Fazlollahi et al.: "Cardiac complications following mRNA COVID-19 vaccines: A systematic review of case reports and case series"; the plot thickens

by Paul Alexander

Sixty-nine studies, including 43 case reports & 26 case series, were included; a review of only case reports & case series is a limitation of this examination yet the findings are potent & informative




‘Myocarditis/myopericarditis and pericarditis were the most common adverse events among the 243 reported cardiac complications, post mRNA COVID-19 vaccination.

Males with a median age of 21 years had the highest frequency of myocarditis.

Almost three quarters (74.4%) of cases with myocarditis had received the BNT162b2 (Pfizer) vaccine and 87.7% had received the second dose of the vaccine.

Chest pain (96.1%) and fever (38.2%) were the most common presentations.

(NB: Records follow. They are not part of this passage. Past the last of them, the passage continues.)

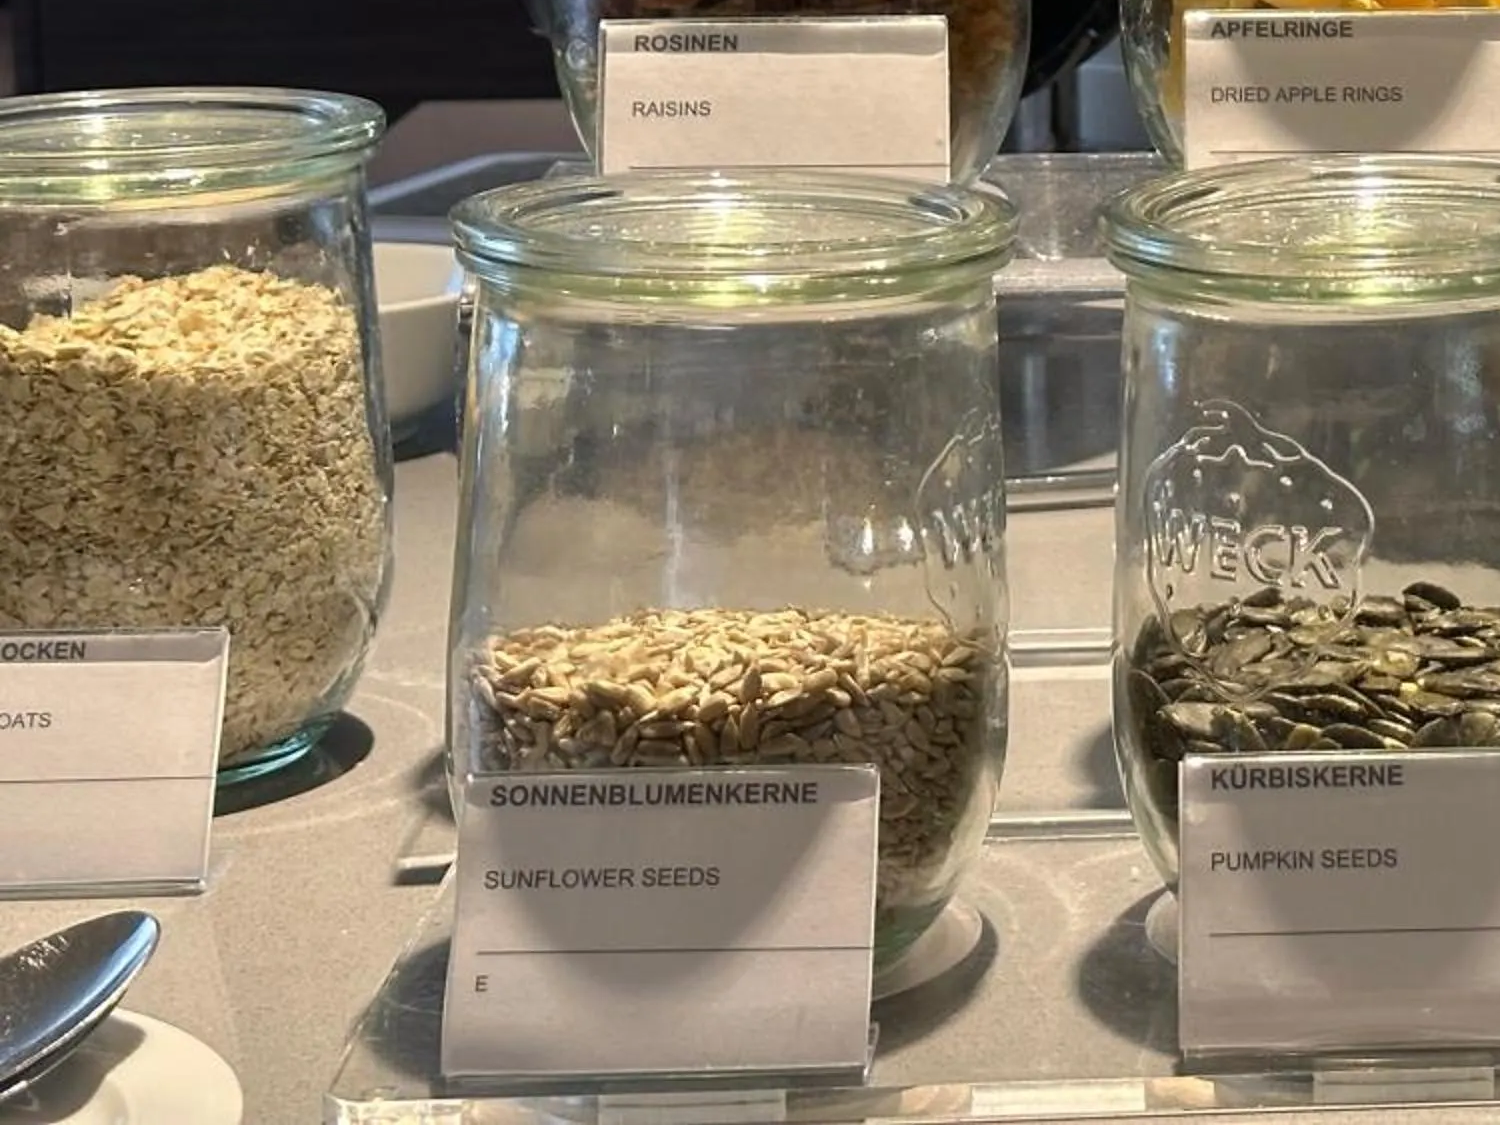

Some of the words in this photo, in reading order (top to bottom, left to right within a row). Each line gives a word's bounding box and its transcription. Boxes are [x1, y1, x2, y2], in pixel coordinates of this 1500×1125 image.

[1211, 20, 1354, 39] APFELRINGE
[634, 33, 738, 52] ROSINEN
[1211, 86, 1270, 104] DRIED
[1275, 85, 1337, 103] APPLE
[1343, 85, 1403, 103] RINGS
[632, 101, 711, 118] RAISINS
[1150, 505, 1343, 590] WECK
[0, 711, 53, 730] OATS
[1211, 764, 1405, 790] KÜRBISKERNE
[490, 782, 819, 808] SONNENBLUMENKERNE
[1211, 850, 1314, 872] PUMPKIN
[1321, 848, 1398, 869] SEEDS
[484, 869, 635, 890] SUNFLOWER
[641, 867, 721, 888] SEEDS
[475, 975, 489, 993] E

CK-MB, troponin, and NT-proBNP were elevated in 100%, 99.5% and 78.3% of subjects, respectively.

ST-segment abnormality was the most common electrocardiogram feature.

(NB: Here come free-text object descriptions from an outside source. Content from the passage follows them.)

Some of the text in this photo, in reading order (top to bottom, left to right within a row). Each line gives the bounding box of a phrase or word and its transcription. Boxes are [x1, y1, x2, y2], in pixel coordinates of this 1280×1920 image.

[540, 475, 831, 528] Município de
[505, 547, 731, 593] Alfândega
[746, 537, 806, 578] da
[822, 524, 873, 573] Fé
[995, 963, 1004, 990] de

Cardiac magnetic resonance imaging, which is the gold-standard approach for diagnosing myocarditis, was abnormal in all patients diagnosed with myocarditis.

Non-steroidal anti-inflammatory drugs were the most prescribed medication for the management of myocarditis.

Apart from inflammatory conditions, some rare cases of Takotsubo cardiomyopathy, myocardial infarction, myocardial infarction with non-obstructive coronary arteries, and isolated tachycardia were also reported following immunization with mRNA COVID-19 vaccines.

Myocarditis was the most commonly reported adverse cardiac event associated with mRNA COVID-19 vaccines, which presented as chest pain with a rise in cardiac biomarkers. Further large-scale observational studies are recommended.’